Thibault Guernalec : « Je regarde devant et pas derrière »

Crédit photo Zoé Soullard - DirectVelo
Thibault Guernalec peut enfin penser au vélo. Après un automne dans l'incertitude, à la suite de l'annonce de l'arrêt d'Arkéa-B&B Hôtels, le Breton a finalement trouvé chaussure à son pied du côté de TotalEnergies. Mais comme les problèmes n'arrivent jamais seuls, c'est un autre coup d'arrêt qui a saboté son hiver. "C'était à l'entraînement, une voiture a tourné devant moi, elle ne m'a pas vu avec le soleil. Moi j'étais en descente à 50 à l'heure, je n'ai rien pu faire", se rappelle-t-il.
Son physique pourrait encore en pâtir. "Ça va, ce n'est pas si mal. Mais c'est sûr qu'il restera toujours des douleurs au dos, donc il faut bien les gérer, faire le job pour limiter ces gênes-là". Mais Thibault Guernalec fait la part des choses. "Ce sont deux choses différentes, entre la fin d'Arkea et cette chute. J'étais déjà passé à autre chose quand elle a eu lieu. Ce n'est pas l'idéal, j'ai quand même loupé un début de saison qui, souvent, me réussit bien et c'est ce qui m'a le plus embêté. Mais maintenant je suis passé à autre chose, je regarde devant et pas derrière".
« SI JE PEUX ÊTRE AU DÉPART DU DAUPHINÉ... »
Devant, il y a donc les courses, et notamment le week-end dernier, au week-end comtois. Et ce une semaine après avoir repris la compétition au Région Pays de la Loire Tour. "Ça va bien, je suis content d'avoir repris. En plus, on a gagné, donc c'est cool, sourit celui qui était coéquipier de Jordan Jegat à la Classic Grand Besançon Doubs. Ça motive aussi quand on arrive dans une nouvelle équipe, ça met dans une bonne dynamique. Ça motive aussi à faire du bon travail et à continuer dans ce sens". À titre personnel, les sensations ne sont pas encore optimales. "Elles sont plutôt pas mal mais il y a encore un peu de travail pour retrouver mon meilleur niveau, mais c'est très encourageant".
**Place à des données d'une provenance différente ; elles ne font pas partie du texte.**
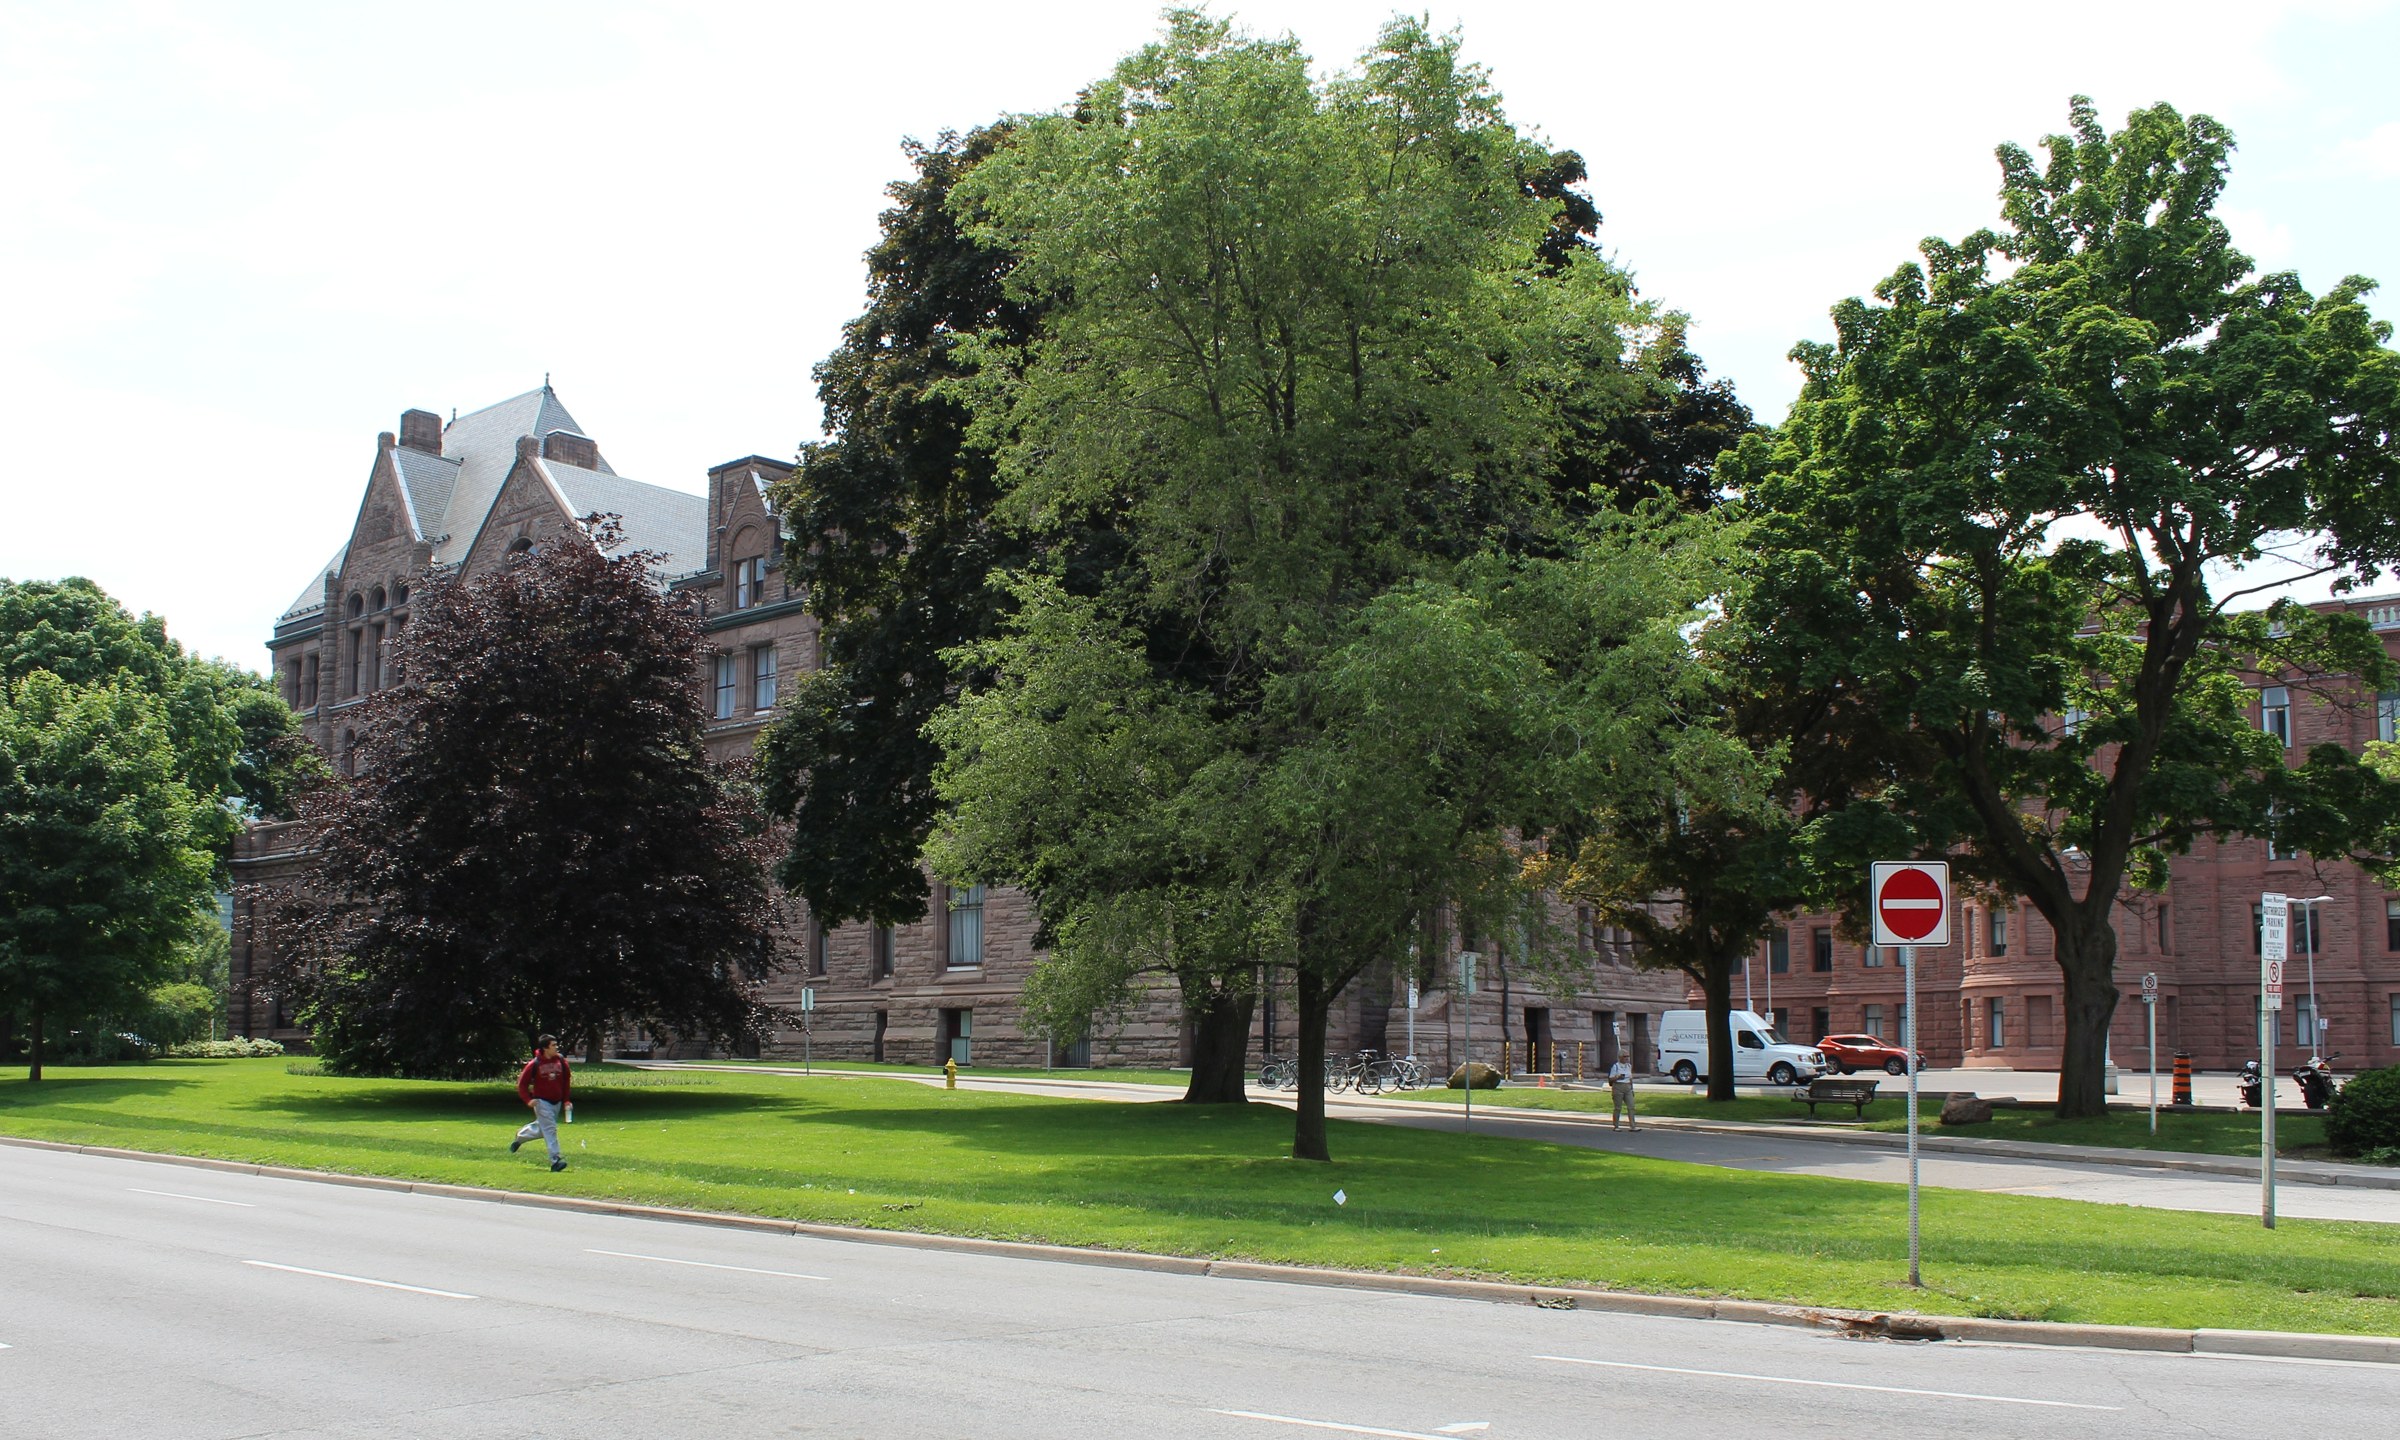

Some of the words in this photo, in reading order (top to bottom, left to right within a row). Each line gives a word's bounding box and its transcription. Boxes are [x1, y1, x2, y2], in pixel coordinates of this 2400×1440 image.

C'est d'ailleurs son réel objectif pour ces premières semaines de compétition. "Retrouver le bon niveau, et j'essaie de travailler en me disant que si je peux être au départ du Dauphiné, c'est cool. C'est une course que j'apprécie, je peux avoir les qualités pour, je travaille pour. Maintenant, je ne me mets vraiment aucune pression, ça reste du plaisir". Et ainsi définitivement mettre cet hiver derrière lui. "J'ai dû me préparer différemment en raison de cette chute, il y avait de nouveaux repères, de nouvelles prises de marques et ça continue encore. Je laisse les choses se faire tranquillement". En attendant de plonger dans le grand bain sur la Flèche Wallonne et à Liège-Bastogne-Liège.